Unterhaltsansprüche von Kindern gegenüber den Eltern
Rechtsanwaltskanzlei NILS BREITHAUPT
Unterhaltsansprüche von Kindern und die Auswirkungen ihrer Volljährigkeit.
Die Volljährigkeit des Unterhaltsberechtigten hat verschiedene Auswirkungen auf dessen Anspruch auf Unterhalt. Mit Eintritt der Volljährigkeit besteht nun kein Anspruch mehr auf Naturalunterhalt (Betreuung). An diese Stelle tritt grundsätzlich der Anspruch auf Barunterhalt (Geld).
Dies gilt auch für dasjenige Elternteil, bei dem das Kind lebt.
Es haften damit für diesen Barunterhalt beide Elternteile. Die Kindesmutter kann dem nicht entgegenhalten, sie leiste (weiterhin) Naturalunterhalt. Der Naturalunterhalt kann aber mit dem Barunterhalt verrechnet werden.
Der Unterhalt für volljährige Kinder, die noch im Haushalt der Eltern bzw. eines Elternteils wohnen, richtet sich in der Regel nach der 4. Altersstufe der Düsseldorfer Tabelle. Der Bedarf des Kindes bemisst sich, falls beide Eltern leistungsfähig sind, nach dem zusammengerechneten Einkommen in der Regel ohne Höhergruppierung (wegen mehr oder weniger Unterhaltsberechtigter) der Düsseldorfer Tabelle. Dass Kindergeld ist hier voll anzurechnen.
Dass volljährige Kind, welches Unterhalt von verlangt, ist verpflichtet, Auskunft über das Einkommen des jeweils anderen Unterhaltsverpflichteten zu geben.

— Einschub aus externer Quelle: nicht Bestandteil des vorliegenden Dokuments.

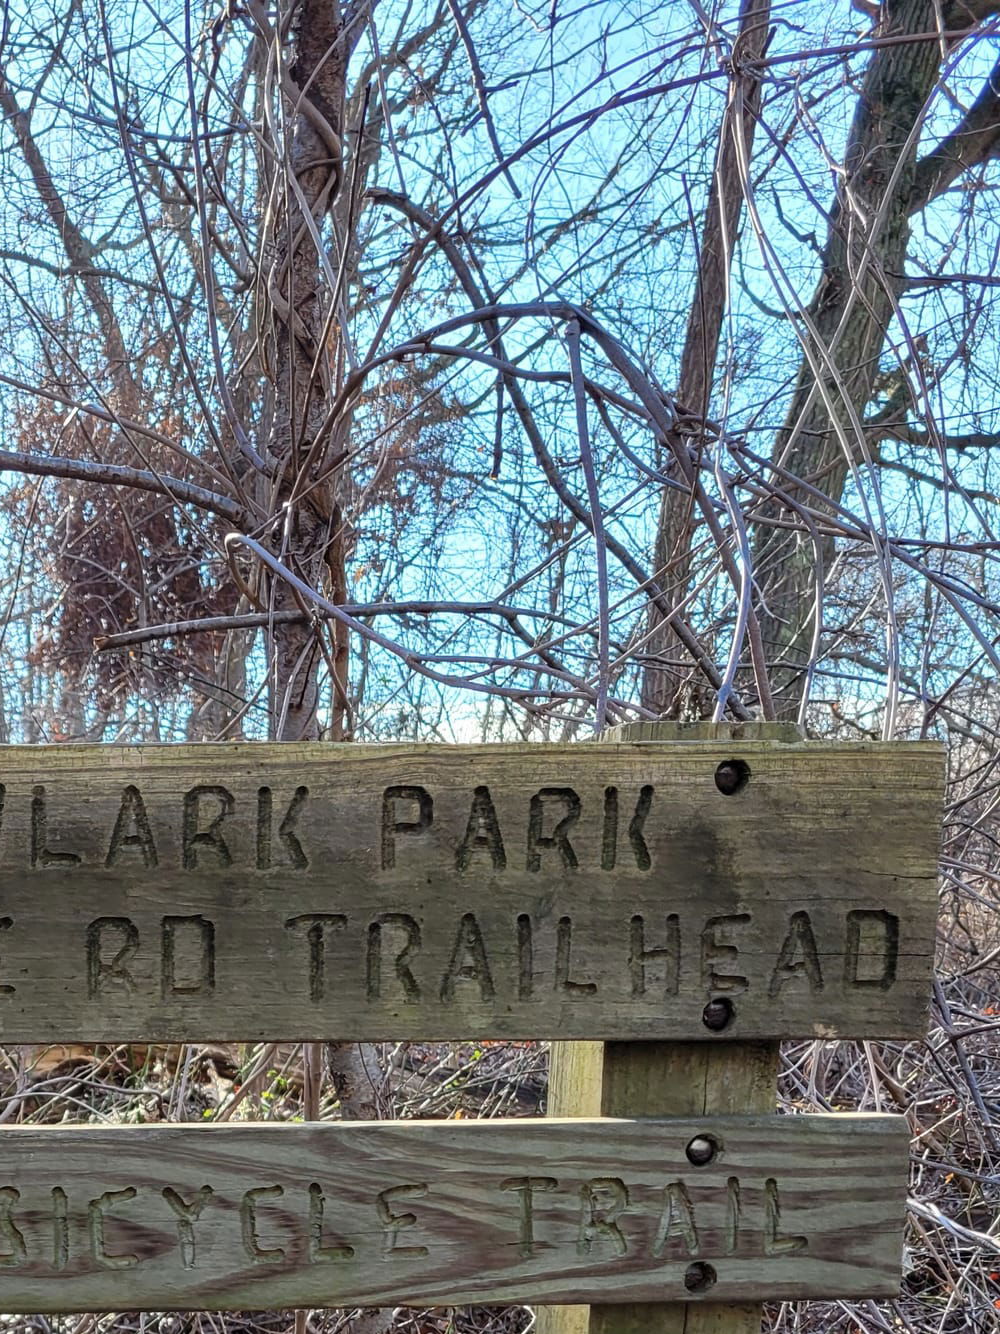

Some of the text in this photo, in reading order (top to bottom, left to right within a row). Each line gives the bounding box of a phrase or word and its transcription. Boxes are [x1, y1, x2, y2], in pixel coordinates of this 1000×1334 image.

[380, 784, 655, 873] PARK
[84, 914, 216, 1000] RD
[500, 1175, 808, 1258] TRAIL
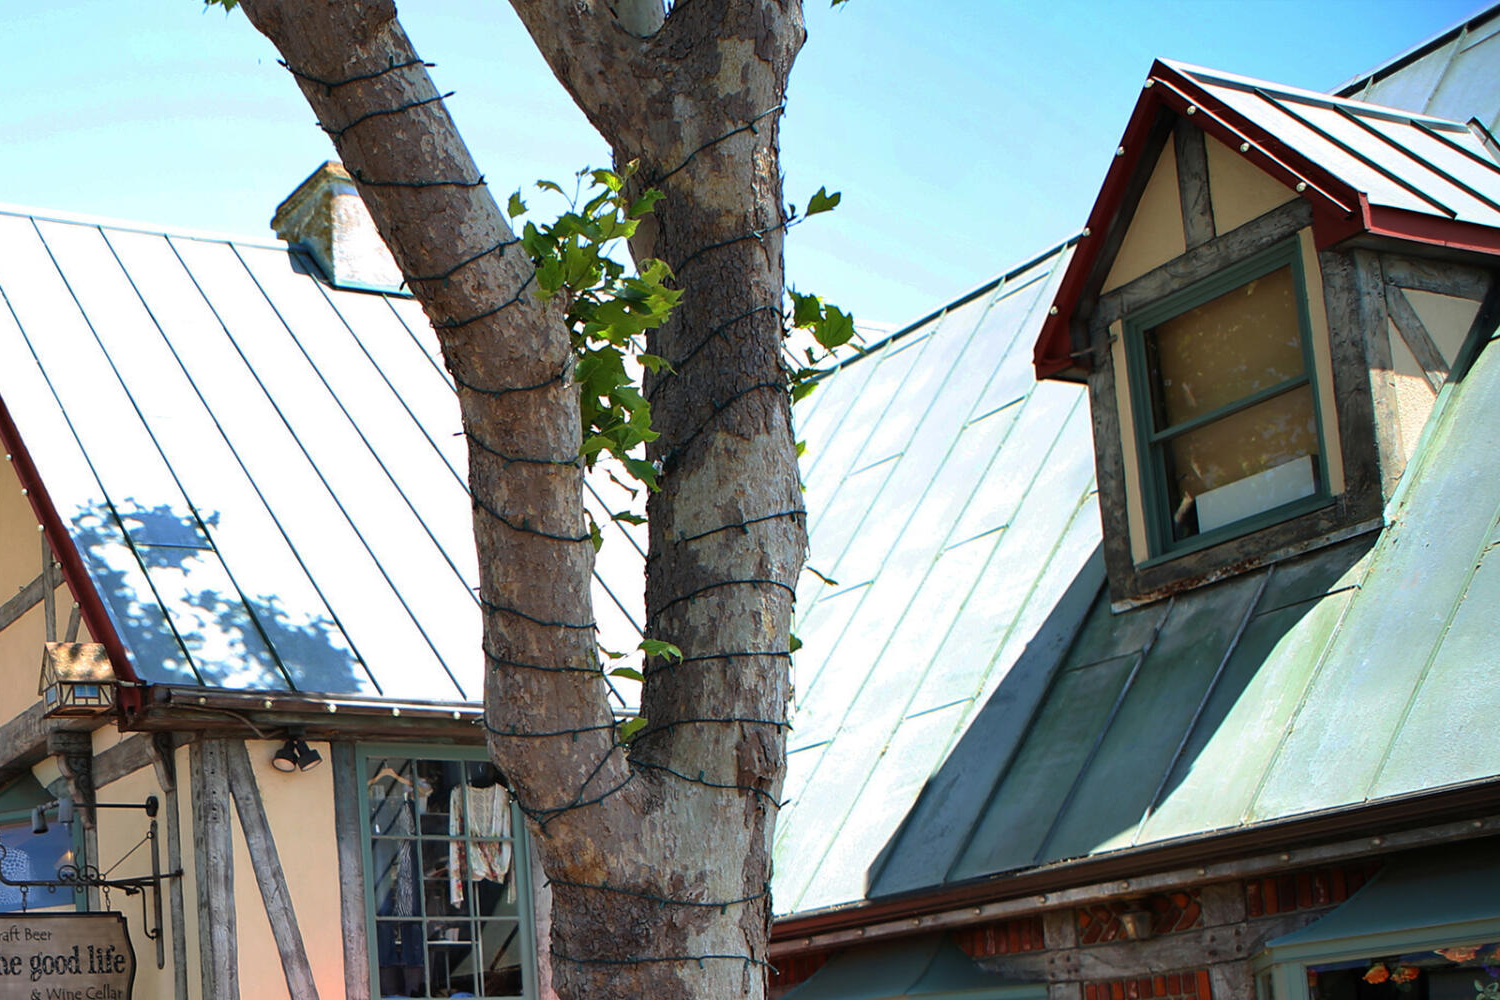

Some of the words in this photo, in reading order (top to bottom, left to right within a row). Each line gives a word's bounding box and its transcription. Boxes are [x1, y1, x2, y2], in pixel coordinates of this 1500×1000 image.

[24, 927, 52, 941] Beer
[29, 944, 82, 982] good
[87, 944, 126, 974] life
[46, 987, 83, 1000] Wine
[85, 983, 124, 1000] Cellar

Nach § 1606 Abs. 3 Satz 1 BGB wird die Barunterhaltspflicht nicht hälftig, sondern anteilig nach der Leistungsfähigkeit zwischen den Eltern verteilt. Geschuldet wird damit jeweils maximal der Unterhalt, der sich nach der Düsseldorfer Tabelle, nach Maßgabe des jeweiligen Einkommens ergeben würde.
Tritt das unterhaltsberechtigte Kind eine Ausbildung an und erhält dann eine Ausbildungsvergütung, so ist diese Vergütung (abzüglich 90,- Euro für ausbildungs- bzw. berufsbedingte Aufwendungen) anzurechnen. Ein eigenes Einkommen des volljährigen Kindes wird damit, bereinigt um eventuelle Aufwendungen, in vollem Umfang auf den Bedarf abgerechnet.
Als Unterhaltsverpflichteter wird grundsätzlich der Unterhalt für eine komplette Erstausbildung geschuldet. Volljährige Kinder die sich nicht in einer Ausbildung befinden, obliegt eine Erwerbsobliegenheit. D.h. das Kind muss sich um seinen eigenen Lebensunterhalt kümmern.
Macht es Ansprüche auf Unterhalt geltend, dann muss das Kind nachweisen, dass es sich (auch überregional) um Arbeit bemüht hat. Hier wäre im Einzelfall zu prüfen, ob diese Bemühungen ausreichend gewesen sind.